**WORK ITEM**
Only the lines from the one containing "this 1920×1080 image." through the end of the material are to be echoed, each exactly as it appears.

**SOURCE MATERIAL**
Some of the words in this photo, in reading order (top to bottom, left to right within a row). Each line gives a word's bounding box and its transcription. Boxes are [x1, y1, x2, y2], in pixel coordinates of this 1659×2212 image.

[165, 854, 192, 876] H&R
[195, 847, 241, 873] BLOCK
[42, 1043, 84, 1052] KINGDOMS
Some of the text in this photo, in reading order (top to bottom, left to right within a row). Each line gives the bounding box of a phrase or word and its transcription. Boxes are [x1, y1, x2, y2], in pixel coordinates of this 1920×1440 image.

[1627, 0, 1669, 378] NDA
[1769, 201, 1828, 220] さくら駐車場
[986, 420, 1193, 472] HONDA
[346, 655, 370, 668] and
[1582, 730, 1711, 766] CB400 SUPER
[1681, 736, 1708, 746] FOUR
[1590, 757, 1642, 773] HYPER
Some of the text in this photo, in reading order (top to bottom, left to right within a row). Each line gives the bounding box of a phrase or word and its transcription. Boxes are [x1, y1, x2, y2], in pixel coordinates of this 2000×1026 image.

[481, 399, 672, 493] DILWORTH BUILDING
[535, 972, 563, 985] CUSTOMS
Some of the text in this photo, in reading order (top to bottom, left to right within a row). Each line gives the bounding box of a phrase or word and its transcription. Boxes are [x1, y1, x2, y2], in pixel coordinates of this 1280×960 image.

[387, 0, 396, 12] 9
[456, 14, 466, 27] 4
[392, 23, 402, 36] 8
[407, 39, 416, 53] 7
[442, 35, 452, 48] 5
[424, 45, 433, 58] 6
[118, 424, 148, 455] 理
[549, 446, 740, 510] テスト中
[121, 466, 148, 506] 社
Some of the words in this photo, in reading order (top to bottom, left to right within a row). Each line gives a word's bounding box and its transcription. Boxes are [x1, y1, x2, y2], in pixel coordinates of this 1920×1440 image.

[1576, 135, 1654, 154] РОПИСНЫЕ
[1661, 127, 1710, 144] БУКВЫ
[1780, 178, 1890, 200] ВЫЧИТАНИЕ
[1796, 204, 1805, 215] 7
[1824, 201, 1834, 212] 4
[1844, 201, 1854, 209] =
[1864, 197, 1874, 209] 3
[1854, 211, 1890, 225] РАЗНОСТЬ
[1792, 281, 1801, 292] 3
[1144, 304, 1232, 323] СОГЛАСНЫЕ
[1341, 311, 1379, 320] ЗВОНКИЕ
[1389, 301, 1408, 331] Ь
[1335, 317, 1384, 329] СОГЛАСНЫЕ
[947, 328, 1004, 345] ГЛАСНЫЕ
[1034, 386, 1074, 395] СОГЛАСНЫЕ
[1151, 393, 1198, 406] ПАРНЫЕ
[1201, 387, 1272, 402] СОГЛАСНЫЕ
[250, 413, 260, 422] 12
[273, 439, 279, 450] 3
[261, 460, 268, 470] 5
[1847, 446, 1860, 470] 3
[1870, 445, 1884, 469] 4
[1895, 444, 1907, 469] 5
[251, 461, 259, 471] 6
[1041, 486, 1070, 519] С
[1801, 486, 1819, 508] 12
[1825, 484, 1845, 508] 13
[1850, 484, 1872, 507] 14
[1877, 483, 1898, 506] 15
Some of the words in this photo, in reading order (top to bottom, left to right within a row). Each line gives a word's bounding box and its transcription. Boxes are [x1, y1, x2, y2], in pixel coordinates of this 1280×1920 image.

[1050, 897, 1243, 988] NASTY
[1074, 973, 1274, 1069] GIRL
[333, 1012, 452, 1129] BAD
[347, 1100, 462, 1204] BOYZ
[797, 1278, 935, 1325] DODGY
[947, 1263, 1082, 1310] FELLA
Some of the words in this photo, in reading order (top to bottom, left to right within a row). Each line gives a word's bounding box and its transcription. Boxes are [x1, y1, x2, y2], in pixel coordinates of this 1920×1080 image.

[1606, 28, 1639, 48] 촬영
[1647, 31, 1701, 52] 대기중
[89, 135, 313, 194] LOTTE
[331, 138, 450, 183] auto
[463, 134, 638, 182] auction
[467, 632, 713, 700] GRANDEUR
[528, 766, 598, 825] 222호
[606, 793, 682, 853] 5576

**OUTPUT OF THE EXERCISE**
Some of the words in this photo, in reading order (top to bottom, left to right within a row). Each line gives a word's bounding box and its transcription. Boxes are [x1, y1, x2, y2], in pixel coordinates of this 1920×1080 image.

[1606, 28, 1639, 48] 촬영
[1647, 31, 1701, 52] 대기중
[89, 135, 313, 194] LOTTE
[331, 138, 450, 183] auto
[463, 134, 638, 182] auction
[467, 632, 713, 700] GRANDEUR
[528, 766, 598, 825] 222호
[606, 793, 682, 853] 5576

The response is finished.